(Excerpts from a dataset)
****************************************

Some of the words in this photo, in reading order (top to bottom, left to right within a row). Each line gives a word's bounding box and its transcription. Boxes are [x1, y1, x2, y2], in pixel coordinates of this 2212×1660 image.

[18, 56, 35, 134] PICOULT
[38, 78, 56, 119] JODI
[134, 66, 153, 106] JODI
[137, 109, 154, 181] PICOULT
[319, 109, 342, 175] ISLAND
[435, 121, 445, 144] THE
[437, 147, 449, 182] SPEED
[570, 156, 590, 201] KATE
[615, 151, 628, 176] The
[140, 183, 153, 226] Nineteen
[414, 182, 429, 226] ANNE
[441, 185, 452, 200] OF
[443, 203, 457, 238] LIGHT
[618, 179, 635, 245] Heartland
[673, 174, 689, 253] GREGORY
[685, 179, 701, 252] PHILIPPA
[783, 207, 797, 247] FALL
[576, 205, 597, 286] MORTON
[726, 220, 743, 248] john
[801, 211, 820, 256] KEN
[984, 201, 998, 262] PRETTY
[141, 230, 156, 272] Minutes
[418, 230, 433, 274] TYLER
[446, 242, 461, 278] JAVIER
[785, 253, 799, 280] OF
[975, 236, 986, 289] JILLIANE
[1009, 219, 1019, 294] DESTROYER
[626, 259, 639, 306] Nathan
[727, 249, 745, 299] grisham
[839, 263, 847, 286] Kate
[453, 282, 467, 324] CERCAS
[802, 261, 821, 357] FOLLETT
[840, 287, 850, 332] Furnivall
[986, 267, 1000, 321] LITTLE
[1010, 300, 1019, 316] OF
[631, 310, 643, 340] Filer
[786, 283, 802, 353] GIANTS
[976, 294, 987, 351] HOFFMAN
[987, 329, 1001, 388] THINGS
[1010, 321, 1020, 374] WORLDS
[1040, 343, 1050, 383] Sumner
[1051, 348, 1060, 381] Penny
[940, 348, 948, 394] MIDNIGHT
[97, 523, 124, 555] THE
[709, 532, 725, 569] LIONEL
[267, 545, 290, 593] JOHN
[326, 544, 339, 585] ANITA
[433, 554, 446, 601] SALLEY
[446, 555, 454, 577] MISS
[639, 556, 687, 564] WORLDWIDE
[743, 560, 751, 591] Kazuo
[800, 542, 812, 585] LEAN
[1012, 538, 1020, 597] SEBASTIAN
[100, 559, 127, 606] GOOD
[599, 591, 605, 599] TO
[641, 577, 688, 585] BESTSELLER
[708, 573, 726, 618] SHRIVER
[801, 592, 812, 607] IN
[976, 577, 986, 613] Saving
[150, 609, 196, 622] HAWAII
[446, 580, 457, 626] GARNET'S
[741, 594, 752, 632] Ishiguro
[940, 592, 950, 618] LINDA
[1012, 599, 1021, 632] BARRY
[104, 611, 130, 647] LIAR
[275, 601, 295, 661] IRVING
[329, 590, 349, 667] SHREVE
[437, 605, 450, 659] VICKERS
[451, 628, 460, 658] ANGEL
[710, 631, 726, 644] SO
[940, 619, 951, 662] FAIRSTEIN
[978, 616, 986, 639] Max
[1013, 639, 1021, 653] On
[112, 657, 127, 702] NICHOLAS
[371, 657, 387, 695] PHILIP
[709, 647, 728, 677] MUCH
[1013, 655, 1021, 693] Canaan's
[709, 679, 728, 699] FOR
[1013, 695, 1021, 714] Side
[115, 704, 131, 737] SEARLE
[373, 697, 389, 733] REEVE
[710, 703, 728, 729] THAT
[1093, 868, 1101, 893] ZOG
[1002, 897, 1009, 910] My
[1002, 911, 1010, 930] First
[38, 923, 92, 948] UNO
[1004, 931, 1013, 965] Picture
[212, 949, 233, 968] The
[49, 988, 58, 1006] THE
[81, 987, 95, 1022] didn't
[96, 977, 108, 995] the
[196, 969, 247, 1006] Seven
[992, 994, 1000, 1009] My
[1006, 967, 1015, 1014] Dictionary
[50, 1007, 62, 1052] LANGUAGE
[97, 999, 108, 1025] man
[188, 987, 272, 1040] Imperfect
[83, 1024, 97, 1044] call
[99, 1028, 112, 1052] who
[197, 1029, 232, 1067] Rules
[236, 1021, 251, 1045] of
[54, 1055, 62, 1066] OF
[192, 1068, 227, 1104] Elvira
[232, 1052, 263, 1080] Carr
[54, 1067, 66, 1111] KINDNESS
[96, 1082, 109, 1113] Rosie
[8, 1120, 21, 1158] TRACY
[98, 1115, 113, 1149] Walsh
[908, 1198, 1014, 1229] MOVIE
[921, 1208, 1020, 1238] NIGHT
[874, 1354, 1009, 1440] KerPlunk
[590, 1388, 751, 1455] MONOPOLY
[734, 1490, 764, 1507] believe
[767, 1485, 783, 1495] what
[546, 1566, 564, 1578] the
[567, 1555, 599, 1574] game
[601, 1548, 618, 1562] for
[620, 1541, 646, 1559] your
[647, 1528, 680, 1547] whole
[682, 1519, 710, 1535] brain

****************************************

▸ What needs to be done:
The lines to copy are those above that contain the string "PICOULT".

▸ Solved problem:
[18, 56, 35, 134] PICOULT
[137, 109, 154, 181] PICOULT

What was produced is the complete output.